Police, Fire, and Public Safety
The governor’s budget allocates $214.3 million for public safety aid to counties and municipalities, an increase of $3.1 million over fiscal 2025. This funding supports police protection, fire and rescue services, and special grants for targeted initiatives.
- Aid for Police Protection: Local governments receive $121.8 million to support police services, distributed based on population and expenditures. The budget includes $45.9 million in enhancement funding above the mandated formula, including $17.1 million for Baltimore City.
- Aid for Fire, Rescue, and Ambulance Services: Counties and municipalities receive $16.5 million in grants for fire, rescue, and ambulance services, including funding for capital renovations and equipment.
- Special Grants: The budget includes $75.9 million in special grants for public safety programs. These grants fund initiatives such as the STOP Gun Violence grants, domestic violence units, police recruitment and retention, and the Maryland Criminal Intelligence Network.

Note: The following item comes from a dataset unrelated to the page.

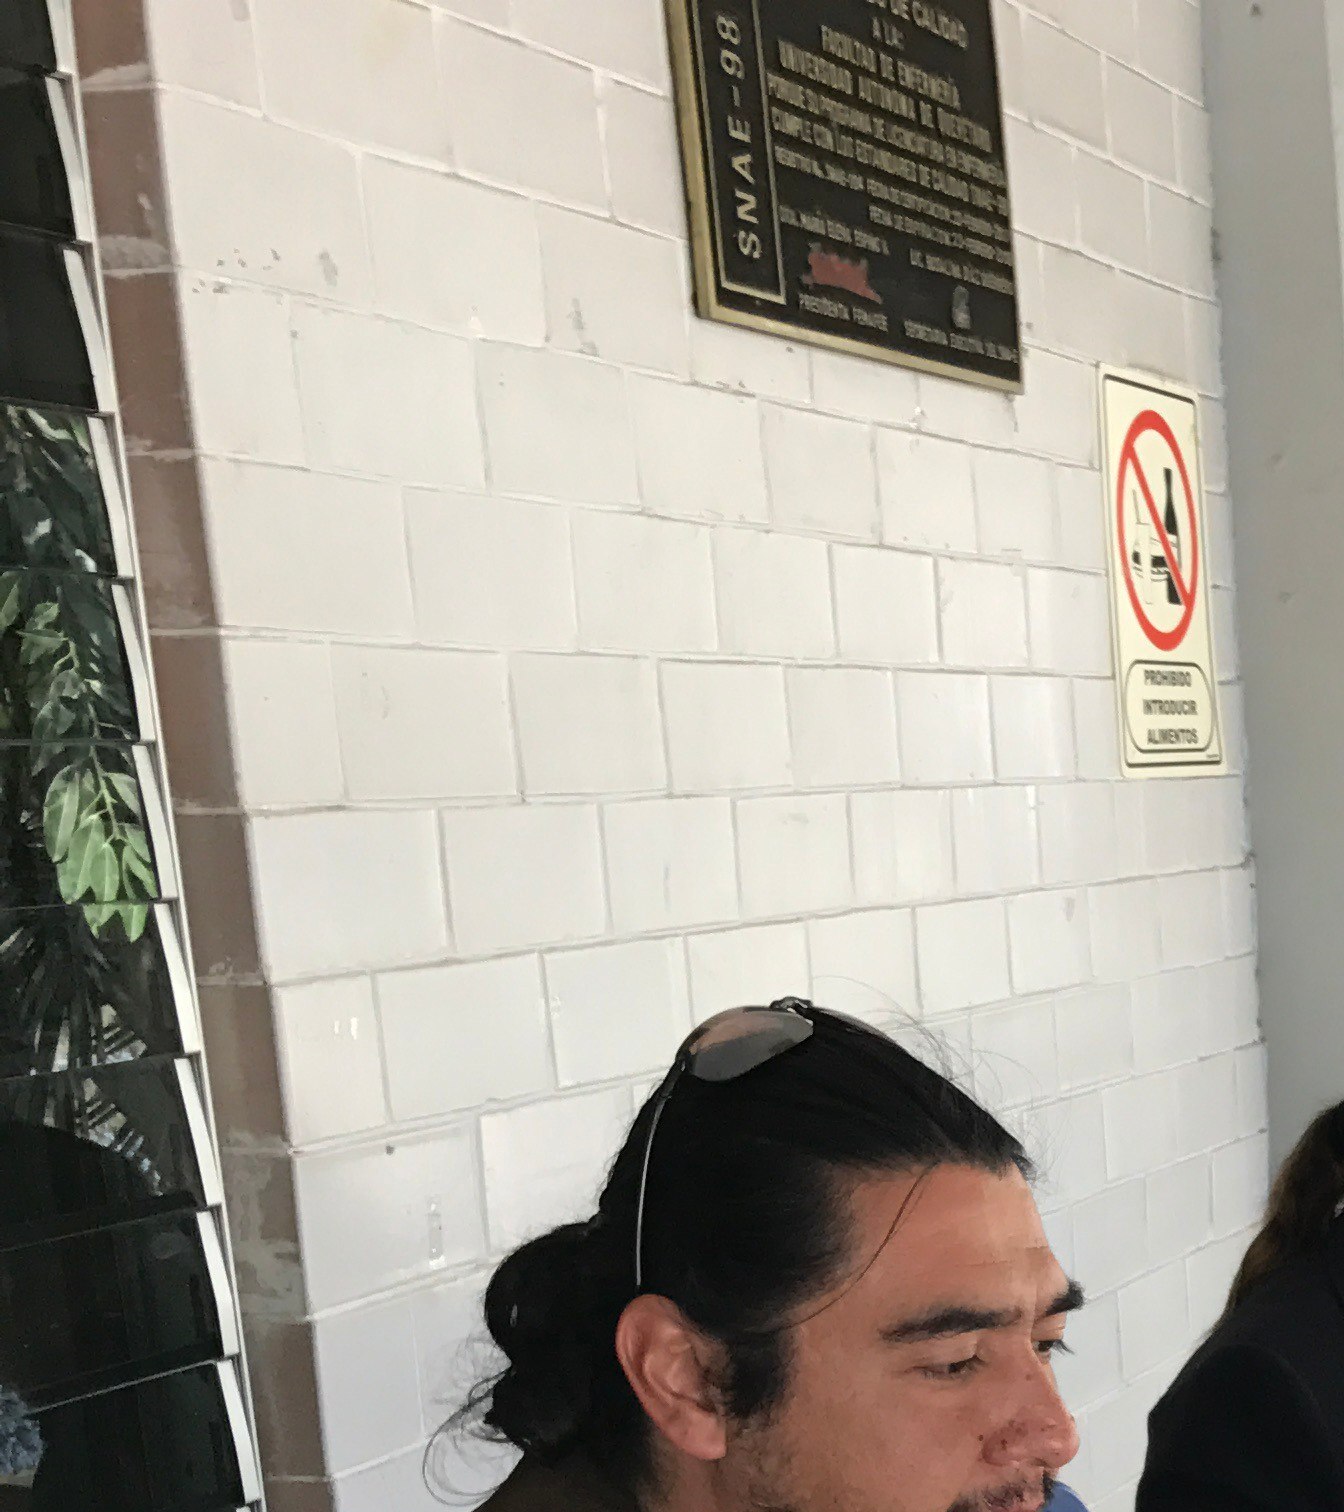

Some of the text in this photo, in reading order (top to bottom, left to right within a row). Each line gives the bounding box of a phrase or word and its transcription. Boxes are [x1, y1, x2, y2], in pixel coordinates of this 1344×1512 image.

[715, 14, 763, 260] SNAE-98
[1144, 670, 1192, 687] PROHIBIDO
[1143, 699, 1197, 715] INTRODUCIR
[1147, 728, 1198, 744] ALIMENTOS

Miscellaneous Aid: Disparity Grant Reductions and Local Health Increases
The governor’s fiscal 2026 budget allocates $433.9 million for miscellaneous aid, a decrease of $34.1 million (7.3 percent) from fiscal 2025. This category includes funding for Local Health Grants, Disparity Grants, and Video Lottery Terminal (VLT) Impact Aid.
Note: Even though local health grants are increasing, Maryland’s outdated funding formula continues to leave local health departments underfunded, creating ongoing fiscal strain amid rising costs and evolving public health challenges.
- Local Health Grants: Funding increases to $117 million, up $5.8 million (5.2 percent) from fiscal 2025. These grants support preventative health services such as family planning, maternity care, cancer control, and AIDS education.
- Disparity Grants: Funding decreased from $188.5 million in fiscal 2025 to $176.6 million in fiscal 2026, a reduction of $11.9 million (6.3 percent). These grants assist counties with lower per capita income tax revenues.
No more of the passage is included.